El caso de James Scanlon sigue el mismo guion. El extremo de 19 años también está cerca de convertirse en jugador del Arsenal. Se espera que ambos fichajes se cierren como agentes libres, sin traspaso directo, aunque con “significativas” cláusulas de venta a favor del United. Gratis hoy, potencial mina de oro mañana.

Hay un vínculo clave que explica parte de esta doble operación: David Horseman. El nuevo técnico del equipo sub-21 del Arsenal conoce bien a Ogunneye y Scanlon tras su breve etapa de cuatro meses como entrenador en la academia del United. Sabe lo que pueden ofrecer y el Arsenal se ha movido rápido para aprovecharlo.

El negocio de la cantera

La Premier League ya no entiende las academias solo como fábricas de jugadores para el primer equipo. El plan de rendimiento de élite (Elite Player Performance Plan) ha convertido también esos viveros en activos económicos. Formar, proyectar y, llegado el caso, vender bien.

Chelsea es el ejemplo más extremo: más de 400 millones de libras generados en traspasos de futbolistas criados en su academia. Para los balances, ese dinero es oro puro: ventas de jugadores formados en casa que computan como beneficio íntegro, un factor decisivo bajo las antiguas normas de PSR (profit and sustainability).

El United quiere acercarse a ese modelo. No solo en el campo, también en el despacho.

Un verano de salidas calculadas

La marcha de Ogunneye y Scanlon se suma a una serie de operaciones muy medidas con otros jóvenes de la casa. La semana pasada, Ethan Ennis puso rumbo al Stockport County, de League One, después de que el club del Greater Manchester ganara la carrera por el extremo.

No ha sido el único. Ethan Williams fichó por Peterborough United, Radek Vitek se marchó al Middlesbrough y Tyler Fredricson emprendió nueva etapa en Lausanne Sport, club propiedad de Ineos, el grupo de Sir Jim Ratcliffe.

El patrón se repite. En la salida de Williams, el United se aseguró un 50% de cláusula de venta, opción de recompra y derechos de tanteo. Control deportivo y, al mismo tiempo, un porcentaje enorme de un posible traspaso futuro.

Con Vitek, el acuerdo fue todavía más contundente: un traspaso por una cifra importante que podría alcanzar los 14 millones de libras, más un 35% de cláusula de venta y, de nuevo, recompra y derechos de tanteo. El mensaje es claro: si el portero checo explota, el United estará en la foto.
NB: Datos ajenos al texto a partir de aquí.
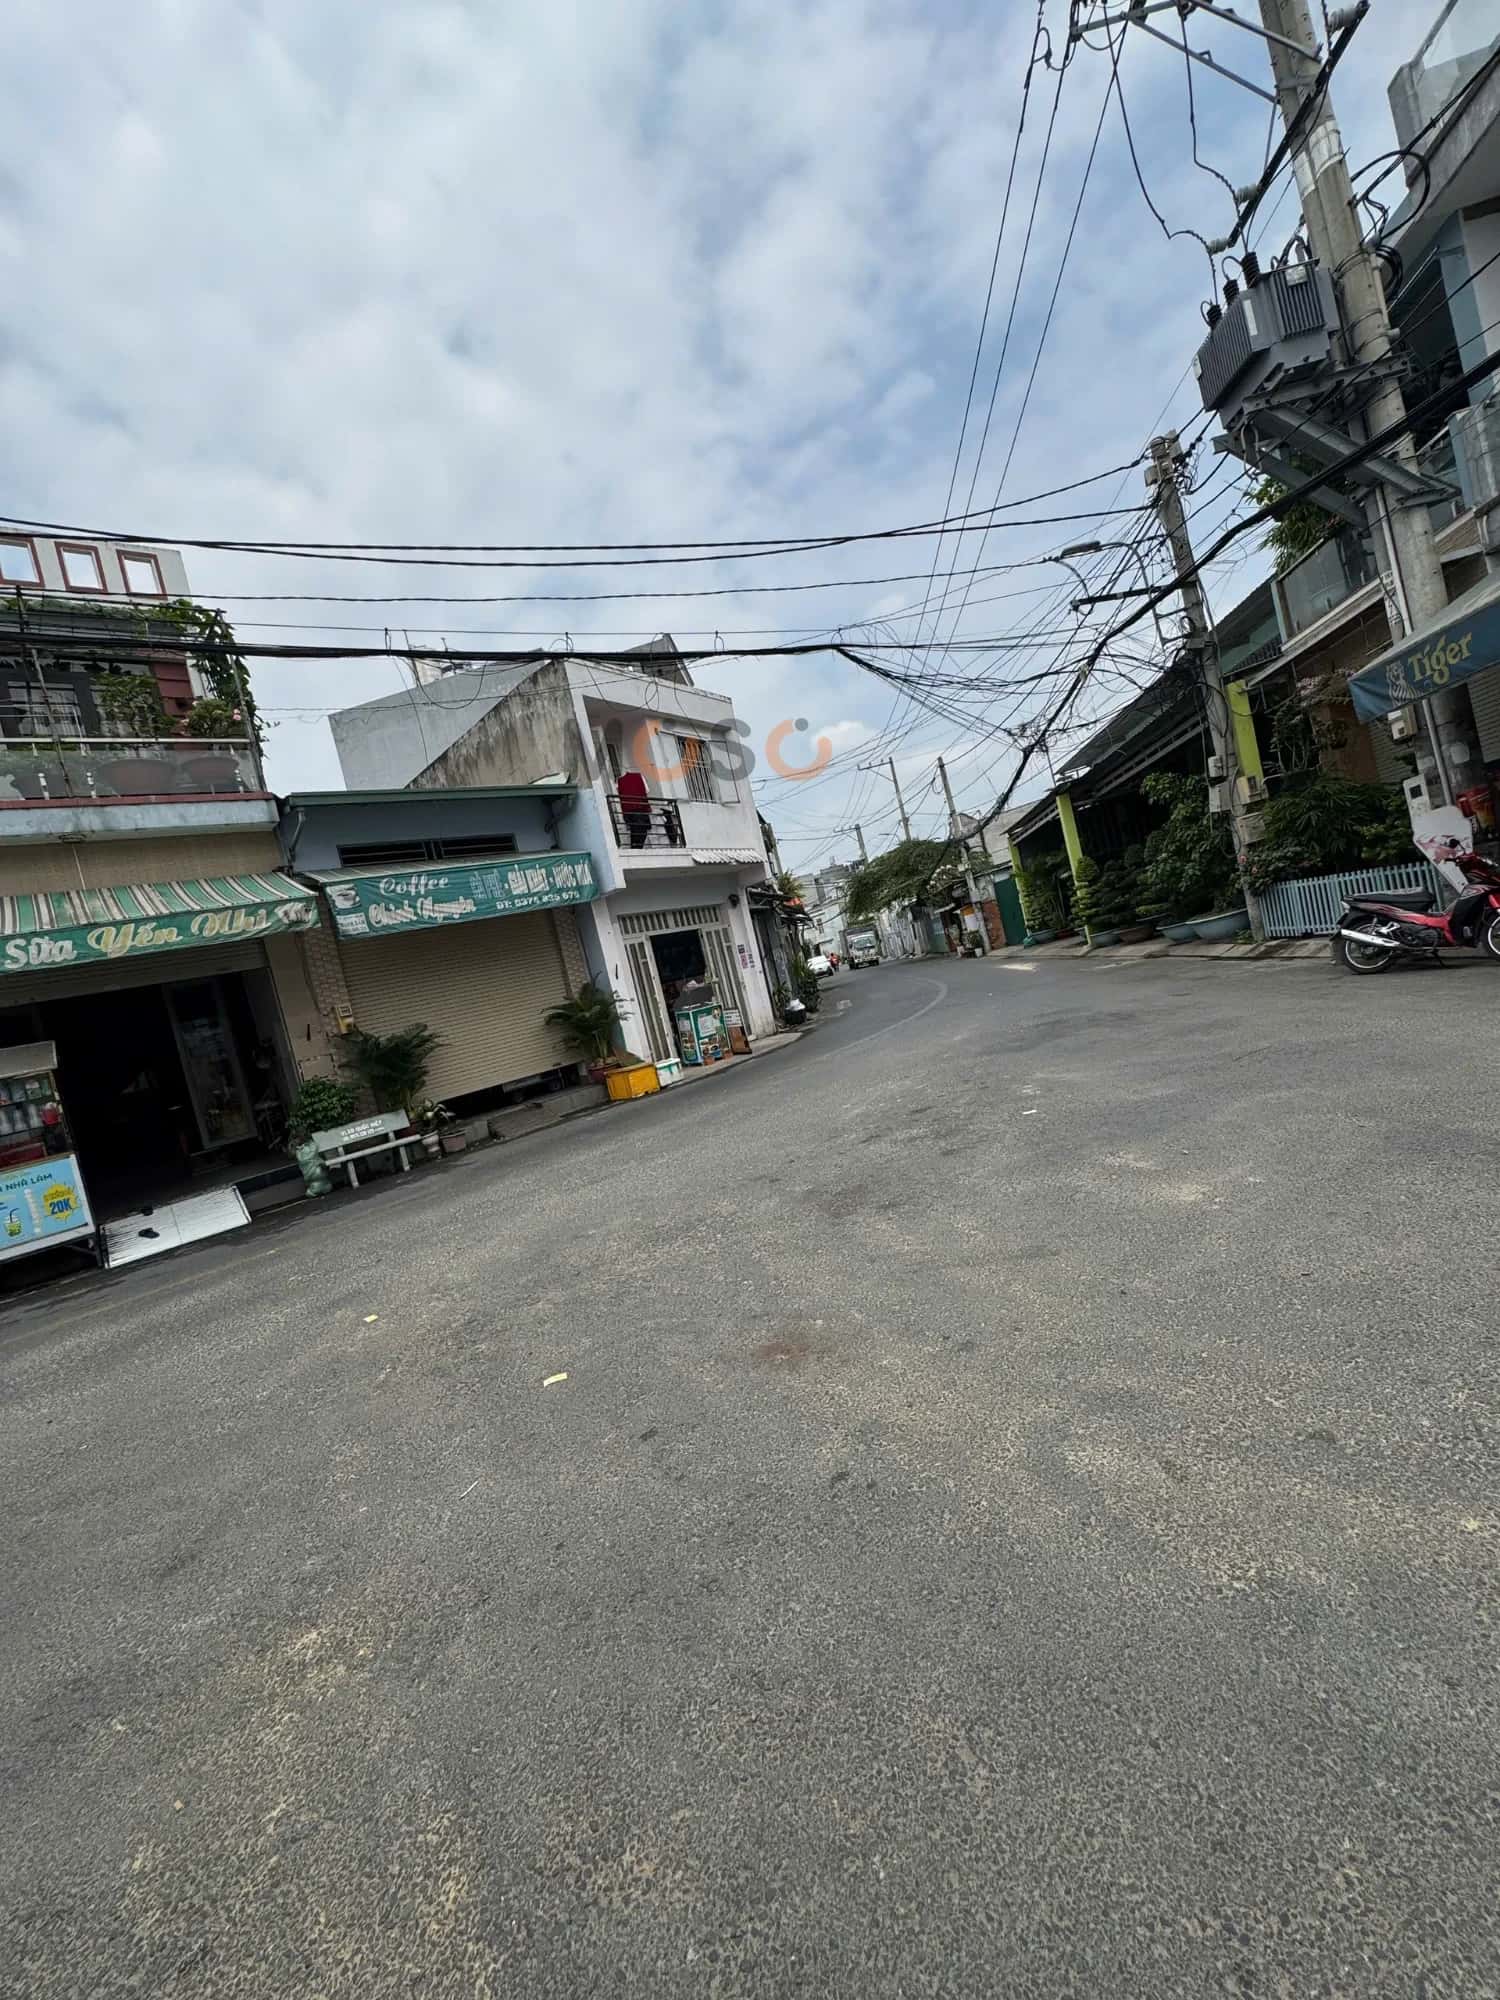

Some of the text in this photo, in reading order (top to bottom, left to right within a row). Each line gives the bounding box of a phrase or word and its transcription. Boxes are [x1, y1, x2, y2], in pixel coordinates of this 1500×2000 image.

En el caso de Fredricson, el club incluyó una cláusula de venta con un “alto porcentaje” y también opción de recompra. No se trata de dejar marchar talento sin red, sino de convertir cada salida en una posible palanca económica y deportiva.

La hoja de ruta de Ratcliffe

Todo encaja con el plan que Sir Jim Ratcliffe viene anunciando desde que tomó peso en la estructura del United. El multimillonario británico ya lo dejó claro en octubre pasado, en The Business Podcast: la academia no solo debe alimentar al primer equipo, también debe sostener al club.

“Necesitas que la academia produzca talento todo el tiempo. Te ayuda financieramente”, explicó entonces. Esa frase se ha convertido en una especie de lema en Carrington.

Este verano lo demuestra. El United está dispuesto a abrir la puerta a varios de sus jóvenes, pero con condiciones muy estrictas. El club asume el riesgo deportivo inmediato, se ahorra salarios y espacios en la plantilla de desarrollo, y a cambio se reserva el derecho a volver a llamar a la puerta… o a cobrar fuerte si esos futbolistas despegan en otros destinos.

Arsenal, por su parte, se mueve con astucia en el mercado de formación, reforzando su equipo sub-21 con jugadores que ya han pasado por una de las academias más exigentes del país. Si Ogunneye y Scanlon dan el salto que muchos esperan, el club londinense habrá cazado dos oportunidades a coste cero. El United, mientras tanto, observará de cerca, con las cláusulas ya firmadas sobre la mesa.

En un fútbol cada vez más condicionado por los balances y las normas financieras, el verdadero partido para estos chicos quizá no se juegue hoy en Old Trafford o en el Emirates, sino en el próximo gran contrato que firmen. Y ahí, pase lo que pase, el United ya se ha asegurado estar en el marcador.